Şimdi geldiğimiz nokta artık karar alma noktasıdır.Tespit ve kararları sıralarsak:

-Eğitim sistemi varsa neden dersane var gibi söylemde bulunmak yerine eğitim sistemimizi en güzel şekilde onaralım.

-Sınav sistemimizi yenilediğimiz eğitim sistemimize uygun hale getirelim.

-Sistemi daha milli daha kaliteli hale dönüştürelim.

-Bu sorumluluk devlete aittir,devletde ziyadesiyle gerçekleştiriyor diyerek rahatlayalım ve bireyler olarak dersane parası adında bir payı bütçe planlarımıza eklemeyelim.

-Varolan dersane yapılanmalarını devletin şefkatiyle sararak işin diğer yakası olan bireylerin(öğretmen, idareci, çalışan) haklarını kaybettirmeden bir plan dahilinde onlara destek olalım.

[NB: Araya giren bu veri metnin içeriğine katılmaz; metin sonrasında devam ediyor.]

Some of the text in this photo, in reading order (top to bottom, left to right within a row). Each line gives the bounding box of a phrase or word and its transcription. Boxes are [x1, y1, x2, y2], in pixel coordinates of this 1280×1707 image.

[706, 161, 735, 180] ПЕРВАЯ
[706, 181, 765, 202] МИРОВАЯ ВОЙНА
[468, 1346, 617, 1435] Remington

-Çorbayı çatalla, uzun makarnayı kaşıkla yemeyiz.

-Yazları pardesü, kışları kısa kollu giyerek sokağa çıkmayız.

-Gelirken Allah'a emanet ol, giderken selamün aleyküm demeyiz.

-Uyurken gözlerimizi açıp, okurken gözlerimizi kapamayız.

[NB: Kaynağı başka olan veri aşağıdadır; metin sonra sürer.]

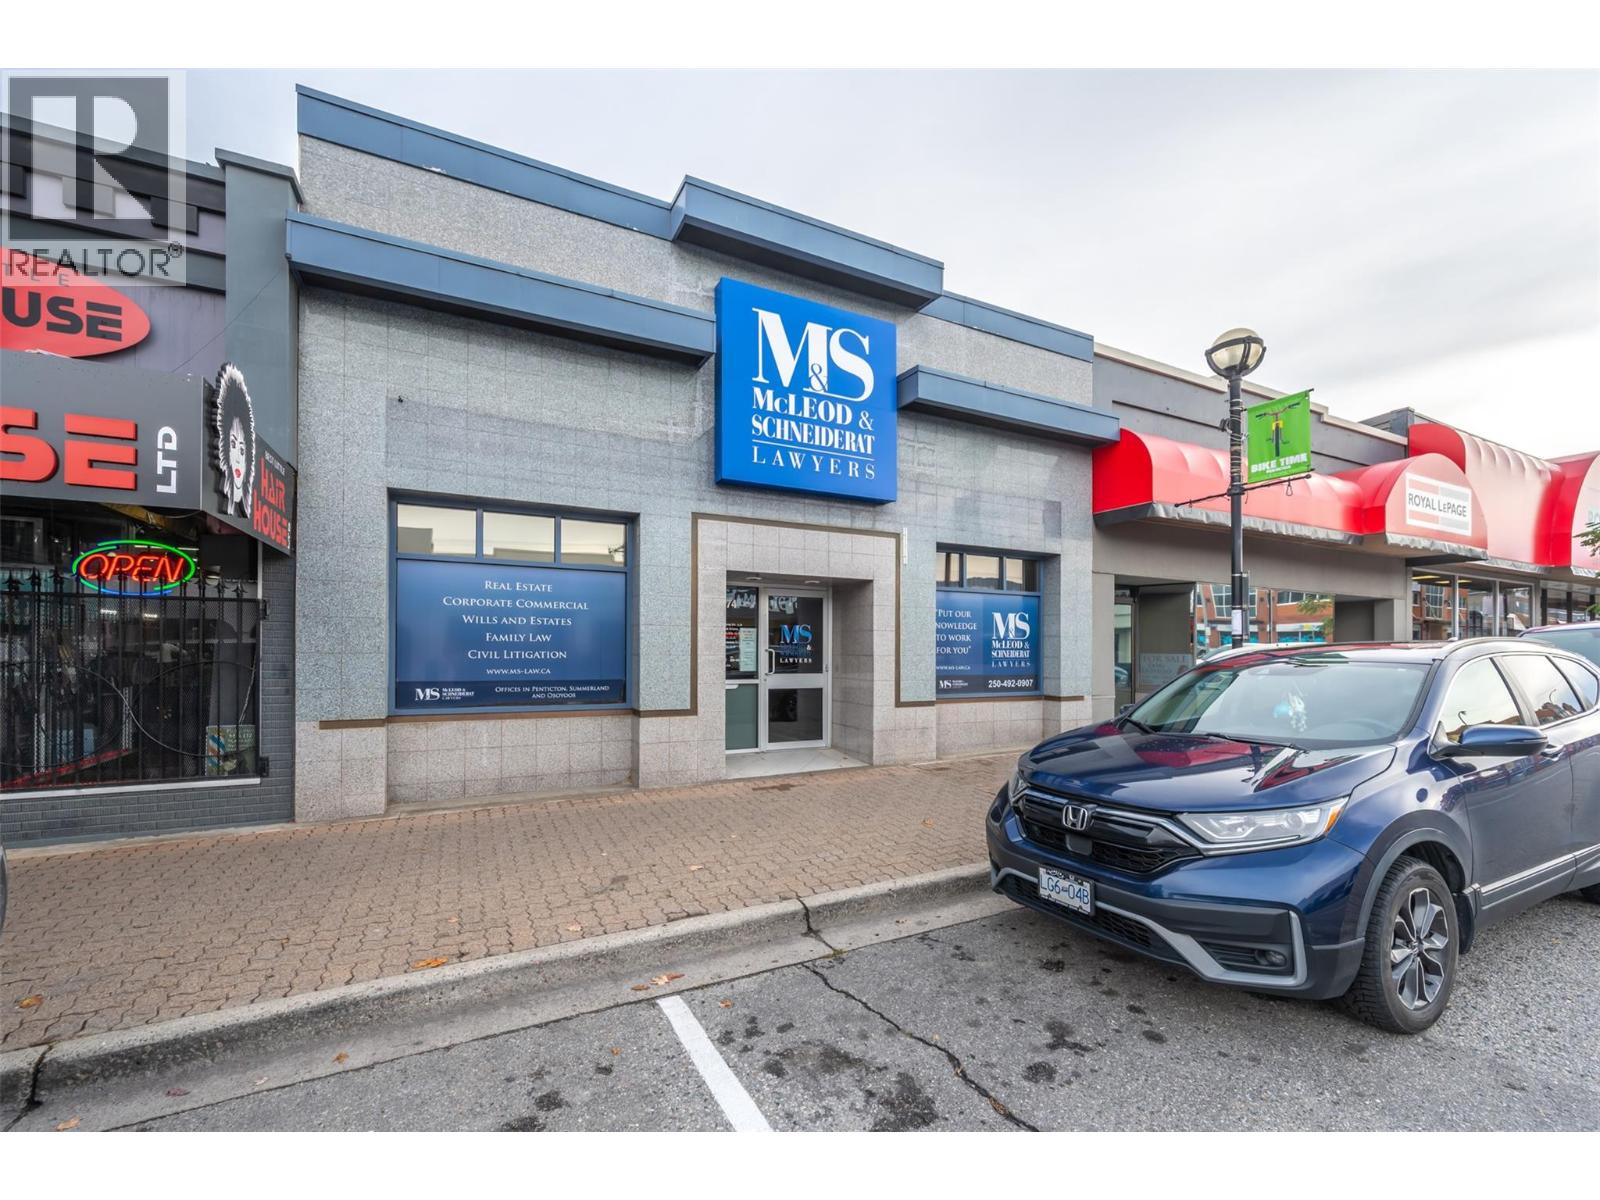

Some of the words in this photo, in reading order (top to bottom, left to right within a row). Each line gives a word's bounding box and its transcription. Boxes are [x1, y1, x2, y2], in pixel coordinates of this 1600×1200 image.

[2, 287, 122, 342] USE
[752, 386, 852, 426] McLEOD
[858, 410, 874, 432] &
[752, 414, 875, 455] SCHNEIDERAT
[0, 405, 138, 490] SE
[156, 426, 177, 494] LTD
[752, 446, 875, 480] LAWYERS
[1251, 459, 1277, 473] BIKE
[1279, 452, 1308, 466] TIME
[261, 457, 285, 515] HAIR
[1408, 492, 1437, 510] ROYAL
[253, 488, 288, 549] HOUSE
[79, 553, 186, 583] OPEN
[484, 580, 512, 591] REAL
[516, 582, 553, 593] ESTATE
[442, 596, 513, 608] CORPORATE
[516, 599, 589, 610] COMMERCIAL
[462, 614, 498, 625] WILLS
[501, 616, 527, 625] AND
[530, 616, 573, 626] ESTATES
[954, 610, 972, 618] OUR
[485, 632, 526, 642] FAMILY
[529, 633, 552, 642] LAW
[936, 634, 947, 642] TO
[948, 634, 972, 642] WORK
[467, 649, 500, 659] CIVIL
[503, 649, 567, 659] LITIGATION
[936, 646, 952, 654] FOR
[988, 679, 1034, 688] 250-492-0907

-Sevinçlerimizde ağlamayız, kederlerde gülmeyiz.

-Kötü söz duyunca gururlanmayız, güzel söz karşısında da yıkılmayız.

-Kazandıklarımızı kaybettiğimizde rahat, kaybettiklerimizi kazandığımızda rahatsız olmayız.

-Etkili bir eğitimi öğretimi aldığımız dersliklere okul derken başka bir çatıya ders veren hane gözüyle bakamayız.

Yok ben aynen de böyle yaparım dyebilirsiniz fakat aykırılık oluşturur bu da kimi yerde mide fesadına, kimi yerde vücut tutulmasına, kimi yerde ruhi bunalımlara, kimi yerde akıl tutulmasına yol açar.

Doğruyu veren ders, doğruyu yaşayan haneler dileklerimle.

 

YAZI: DENİZHAN BURHAN

www.denizhanburhan.org

 
Toplam blog
: 55
: 154
Kayıt tarihi
: 19.02.13
 
 

Basın Danışmanı. Medya tanıtım uzmanı ..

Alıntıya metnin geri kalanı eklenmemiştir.